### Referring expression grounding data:
· · · · · · ·
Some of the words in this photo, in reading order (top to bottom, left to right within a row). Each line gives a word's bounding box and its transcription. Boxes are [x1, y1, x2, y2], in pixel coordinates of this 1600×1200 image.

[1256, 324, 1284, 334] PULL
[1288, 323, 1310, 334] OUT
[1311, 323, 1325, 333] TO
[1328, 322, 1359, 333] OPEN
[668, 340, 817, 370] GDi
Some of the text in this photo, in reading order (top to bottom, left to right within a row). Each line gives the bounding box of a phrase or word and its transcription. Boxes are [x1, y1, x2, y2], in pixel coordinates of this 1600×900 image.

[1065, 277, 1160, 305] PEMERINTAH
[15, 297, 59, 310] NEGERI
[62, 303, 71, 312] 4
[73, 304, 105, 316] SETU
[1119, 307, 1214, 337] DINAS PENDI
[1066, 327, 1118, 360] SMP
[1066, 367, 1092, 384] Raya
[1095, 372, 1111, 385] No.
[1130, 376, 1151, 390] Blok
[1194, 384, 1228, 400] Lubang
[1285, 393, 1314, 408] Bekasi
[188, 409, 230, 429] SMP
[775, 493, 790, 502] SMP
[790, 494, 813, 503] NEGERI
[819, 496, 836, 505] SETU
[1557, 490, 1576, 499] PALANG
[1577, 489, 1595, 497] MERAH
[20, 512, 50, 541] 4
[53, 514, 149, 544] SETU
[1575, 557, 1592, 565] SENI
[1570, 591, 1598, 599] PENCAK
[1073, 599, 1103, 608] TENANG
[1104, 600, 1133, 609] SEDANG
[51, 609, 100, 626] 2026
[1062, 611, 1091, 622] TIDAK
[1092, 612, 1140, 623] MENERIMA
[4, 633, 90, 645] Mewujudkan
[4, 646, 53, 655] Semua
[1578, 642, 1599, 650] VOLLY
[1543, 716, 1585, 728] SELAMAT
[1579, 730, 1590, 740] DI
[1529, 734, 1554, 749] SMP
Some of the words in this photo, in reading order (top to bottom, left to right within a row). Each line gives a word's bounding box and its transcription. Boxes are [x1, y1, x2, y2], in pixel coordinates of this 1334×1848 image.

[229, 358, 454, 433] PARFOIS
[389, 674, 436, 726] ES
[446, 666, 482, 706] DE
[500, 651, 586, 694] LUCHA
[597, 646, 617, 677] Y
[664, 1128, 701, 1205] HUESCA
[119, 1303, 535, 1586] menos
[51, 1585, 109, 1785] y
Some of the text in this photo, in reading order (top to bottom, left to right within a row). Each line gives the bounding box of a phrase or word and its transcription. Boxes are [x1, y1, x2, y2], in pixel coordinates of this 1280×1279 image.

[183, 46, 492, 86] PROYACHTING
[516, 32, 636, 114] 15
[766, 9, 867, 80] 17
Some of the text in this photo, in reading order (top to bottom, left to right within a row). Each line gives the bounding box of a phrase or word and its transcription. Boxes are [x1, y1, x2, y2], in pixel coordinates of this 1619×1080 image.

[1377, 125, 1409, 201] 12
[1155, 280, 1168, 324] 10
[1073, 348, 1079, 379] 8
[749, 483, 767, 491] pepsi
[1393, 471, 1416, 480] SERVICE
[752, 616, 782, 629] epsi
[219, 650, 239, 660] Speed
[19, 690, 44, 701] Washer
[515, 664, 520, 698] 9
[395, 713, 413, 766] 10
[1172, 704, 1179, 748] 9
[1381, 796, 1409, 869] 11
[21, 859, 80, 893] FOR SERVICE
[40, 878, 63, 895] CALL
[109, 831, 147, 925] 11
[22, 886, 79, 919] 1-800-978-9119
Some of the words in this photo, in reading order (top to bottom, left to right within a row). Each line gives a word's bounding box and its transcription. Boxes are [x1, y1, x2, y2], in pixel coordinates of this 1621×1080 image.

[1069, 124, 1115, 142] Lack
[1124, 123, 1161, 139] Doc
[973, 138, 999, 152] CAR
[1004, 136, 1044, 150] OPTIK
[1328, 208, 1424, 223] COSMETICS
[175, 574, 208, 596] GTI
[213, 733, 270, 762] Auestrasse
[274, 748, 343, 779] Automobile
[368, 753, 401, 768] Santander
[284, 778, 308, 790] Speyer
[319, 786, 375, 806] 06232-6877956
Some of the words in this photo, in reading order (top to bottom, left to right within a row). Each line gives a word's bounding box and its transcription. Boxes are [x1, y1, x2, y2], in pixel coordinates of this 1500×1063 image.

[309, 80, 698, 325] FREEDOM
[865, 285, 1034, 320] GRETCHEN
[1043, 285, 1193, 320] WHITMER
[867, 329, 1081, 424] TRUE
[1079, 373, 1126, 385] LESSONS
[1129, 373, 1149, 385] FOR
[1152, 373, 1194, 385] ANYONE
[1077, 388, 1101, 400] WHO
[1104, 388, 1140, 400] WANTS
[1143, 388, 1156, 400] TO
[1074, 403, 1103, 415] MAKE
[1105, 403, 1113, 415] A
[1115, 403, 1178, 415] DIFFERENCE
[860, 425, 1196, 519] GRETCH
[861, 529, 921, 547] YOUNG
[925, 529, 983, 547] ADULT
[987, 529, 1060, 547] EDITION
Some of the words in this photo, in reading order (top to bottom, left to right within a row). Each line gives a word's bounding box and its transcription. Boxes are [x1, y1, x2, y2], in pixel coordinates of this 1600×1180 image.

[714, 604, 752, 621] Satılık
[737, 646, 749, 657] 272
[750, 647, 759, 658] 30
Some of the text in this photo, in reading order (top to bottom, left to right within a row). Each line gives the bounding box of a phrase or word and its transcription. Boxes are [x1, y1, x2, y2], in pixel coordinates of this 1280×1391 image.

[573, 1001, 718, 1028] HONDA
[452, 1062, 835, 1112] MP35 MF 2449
· · · · · · ·
### WHAT TO WORK ON:
Word for word, restate all of the records.

### RESULT:
Some of the words in this photo, in reading order (top to bottom, left to right within a row). Each line gives a word's bounding box and its transcription. Boxes are [x1, y1, x2, y2], in pixel coordinates of this 1600×1200 image.

[1256, 324, 1284, 334] PULL
[1288, 323, 1310, 334] OUT
[1311, 323, 1325, 333] TO
[1328, 322, 1359, 333] OPEN
[668, 340, 817, 370] GDi
Some of the text in this photo, in reading order (top to bottom, left to right within a row). Each line gives the bounding box of a phrase or word and its transcription. Boxes are [x1, y1, x2, y2], in pixel coordinates of this 1600×900 image.

[1065, 277, 1160, 305] PEMERINTAH
[15, 297, 59, 310] NEGERI
[62, 303, 71, 312] 4
[73, 304, 105, 316] SETU
[1119, 307, 1214, 337] DINAS PENDI
[1066, 327, 1118, 360] SMP
[1066, 367, 1092, 384] Raya
[1095, 372, 1111, 385] No.
[1130, 376, 1151, 390] Blok
[1194, 384, 1228, 400] Lubang
[1285, 393, 1314, 408] Bekasi
[188, 409, 230, 429] SMP
[775, 493, 790, 502] SMP
[790, 494, 813, 503] NEGERI
[819, 496, 836, 505] SETU
[1557, 490, 1576, 499] PALANG
[1577, 489, 1595, 497] MERAH
[20, 512, 50, 541] 4
[53, 514, 149, 544] SETU
[1575, 557, 1592, 565] SENI
[1570, 591, 1598, 599] PENCAK
[1073, 599, 1103, 608] TENANG
[1104, 600, 1133, 609] SEDANG
[51, 609, 100, 626] 2026
[1062, 611, 1091, 622] TIDAK
[1092, 612, 1140, 623] MENERIMA
[4, 633, 90, 645] Mewujudkan
[4, 646, 53, 655] Semua
[1578, 642, 1599, 650] VOLLY
[1543, 716, 1585, 728] SELAMAT
[1579, 730, 1590, 740] DI
[1529, 734, 1554, 749] SMP
Some of the words in this photo, in reading order (top to bottom, left to right within a row). Each line gives a word's bounding box and its transcription. Boxes are [x1, y1, x2, y2], in pixel coordinates of this 1334×1848 image.

[229, 358, 454, 433] PARFOIS
[389, 674, 436, 726] ES
[446, 666, 482, 706] DE
[500, 651, 586, 694] LUCHA
[597, 646, 617, 677] Y
[664, 1128, 701, 1205] HUESCA
[119, 1303, 535, 1586] menos
[51, 1585, 109, 1785] y
Some of the text in this photo, in reading order (top to bottom, left to right within a row). Each line gives the bounding box of a phrase or word and its transcription. Boxes are [x1, y1, x2, y2], in pixel coordinates of this 1280×1279 image.

[183, 46, 492, 86] PROYACHTING
[516, 32, 636, 114] 15
[766, 9, 867, 80] 17
Some of the text in this photo, in reading order (top to bottom, left to right within a row). Each line gives the bounding box of a phrase or word and its transcription. Boxes are [x1, y1, x2, y2], in pixel coordinates of this 1619×1080 image.

[1377, 125, 1409, 201] 12
[1155, 280, 1168, 324] 10
[1073, 348, 1079, 379] 8
[749, 483, 767, 491] pepsi
[1393, 471, 1416, 480] SERVICE
[752, 616, 782, 629] epsi
[219, 650, 239, 660] Speed
[19, 690, 44, 701] Washer
[515, 664, 520, 698] 9
[395, 713, 413, 766] 10
[1172, 704, 1179, 748] 9
[1381, 796, 1409, 869] 11
[21, 859, 80, 893] FOR SERVICE
[40, 878, 63, 895] CALL
[109, 831, 147, 925] 11
[22, 886, 79, 919] 1-800-978-9119
Some of the words in this photo, in reading order (top to bottom, left to right within a row). Each line gives a word's bounding box and its transcription. Boxes are [x1, y1, x2, y2], in pixel coordinates of this 1621×1080 image.

[1069, 124, 1115, 142] Lack
[1124, 123, 1161, 139] Doc
[973, 138, 999, 152] CAR
[1004, 136, 1044, 150] OPTIK
[1328, 208, 1424, 223] COSMETICS
[175, 574, 208, 596] GTI
[213, 733, 270, 762] Auestrasse
[274, 748, 343, 779] Automobile
[368, 753, 401, 768] Santander
[284, 778, 308, 790] Speyer
[319, 786, 375, 806] 06232-6877956
Some of the words in this photo, in reading order (top to bottom, left to right within a row). Each line gives a word's bounding box and its transcription. Boxes are [x1, y1, x2, y2], in pixel coordinates of this 1500×1063 image.

[309, 80, 698, 325] FREEDOM
[865, 285, 1034, 320] GRETCHEN
[1043, 285, 1193, 320] WHITMER
[867, 329, 1081, 424] TRUE
[1079, 373, 1126, 385] LESSONS
[1129, 373, 1149, 385] FOR
[1152, 373, 1194, 385] ANYONE
[1077, 388, 1101, 400] WHO
[1104, 388, 1140, 400] WANTS
[1143, 388, 1156, 400] TO
[1074, 403, 1103, 415] MAKE
[1105, 403, 1113, 415] A
[1115, 403, 1178, 415] DIFFERENCE
[860, 425, 1196, 519] GRETCH
[861, 529, 921, 547] YOUNG
[925, 529, 983, 547] ADULT
[987, 529, 1060, 547] EDITION
Some of the words in this photo, in reading order (top to bottom, left to right within a row). Each line gives a word's bounding box and its transcription. Boxes are [x1, y1, x2, y2], in pixel coordinates of this 1600×1180 image.

[714, 604, 752, 621] Satılık
[737, 646, 749, 657] 272
[750, 647, 759, 658] 30
Some of the text in this photo, in reading order (top to bottom, left to right within a row). Each line gives the bounding box of a phrase or word and its transcription. Boxes are [x1, y1, x2, y2], in pixel coordinates of this 1280×1391 image.

[573, 1001, 718, 1028] HONDA
[452, 1062, 835, 1112] MP35 MF 2449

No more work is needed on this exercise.